++++ Data under study
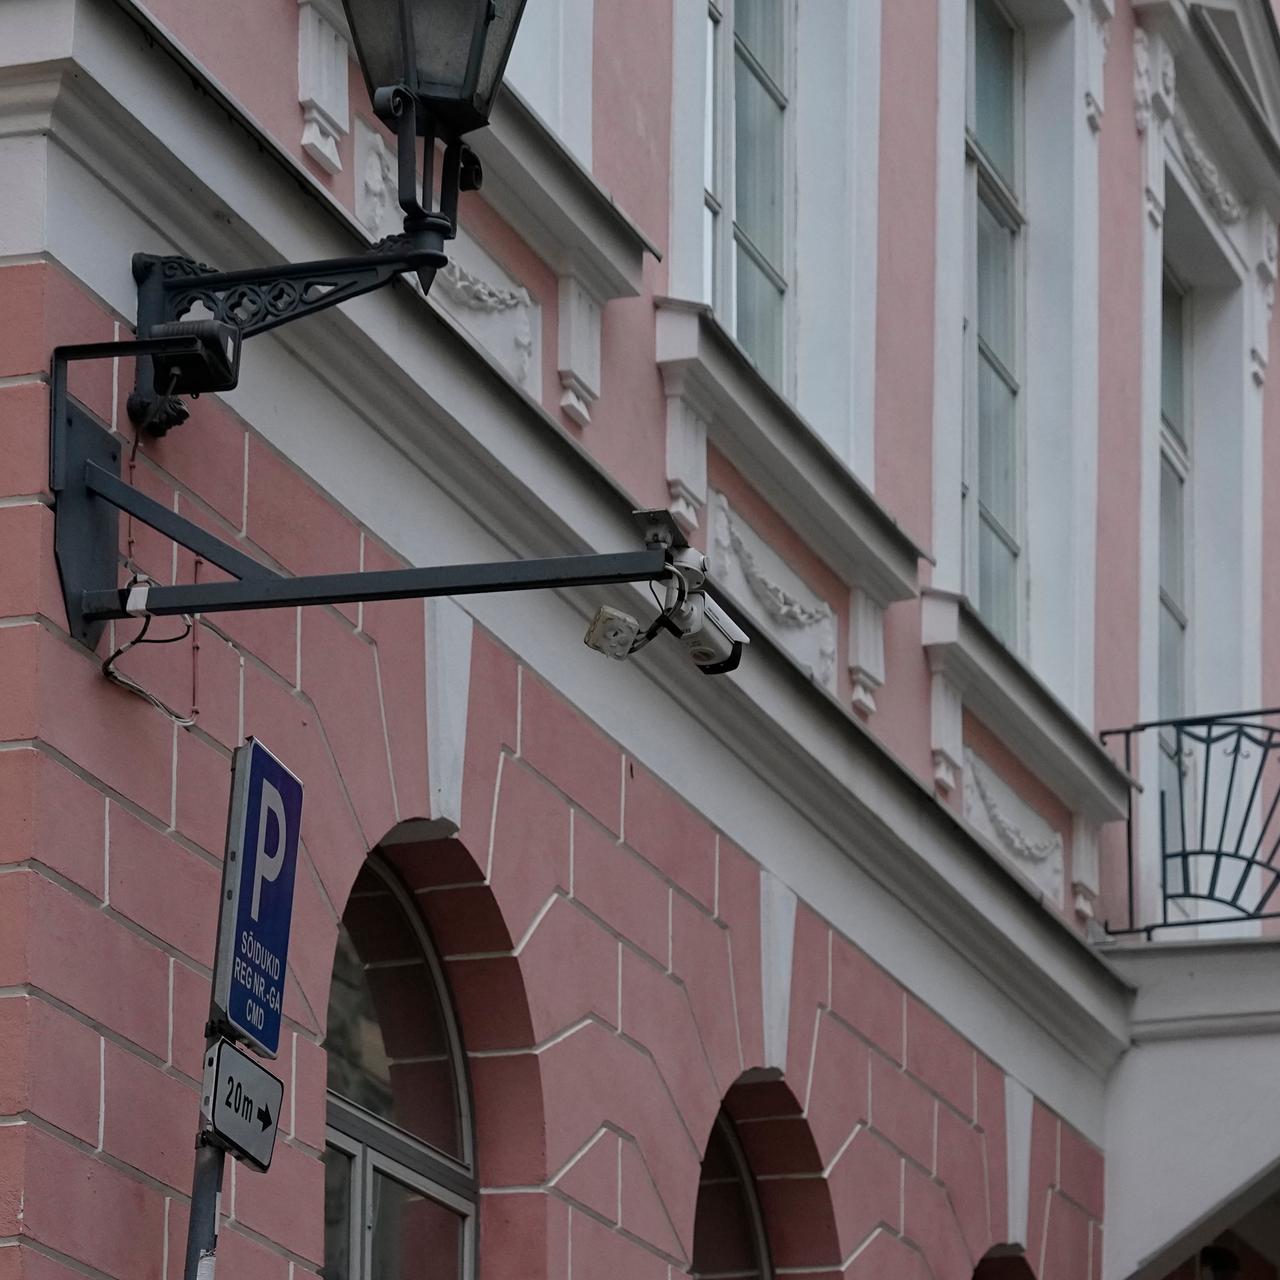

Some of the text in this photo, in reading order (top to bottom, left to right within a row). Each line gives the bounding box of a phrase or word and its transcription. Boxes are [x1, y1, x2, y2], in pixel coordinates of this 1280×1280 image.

[251, 778, 287, 922] P
[241, 930, 280, 981] SÕIDUKID
[234, 957, 281, 1015] REG NR.-GA
[246, 999, 265, 1031] CMD
[225, 1076, 254, 1123] 20m
++++++++
■ **What this task involves**: When you repeat the records, reproduce each line exactly and drop the images.

■ **Exercise result**:
Some of the text in this photo, in reading order (top to bottom, left to right within a row). Each line gives the bounding box of a phrase or word and its transcription. Boxes are [x1, y1, x2, y2], in pixel coordinates of this 1280×1280 image.

[251, 778, 287, 922] P
[241, 930, 280, 981] SÕIDUKID
[234, 957, 281, 1015] REG NR.-GA
[246, 999, 265, 1031] CMD
[225, 1076, 254, 1123] 20m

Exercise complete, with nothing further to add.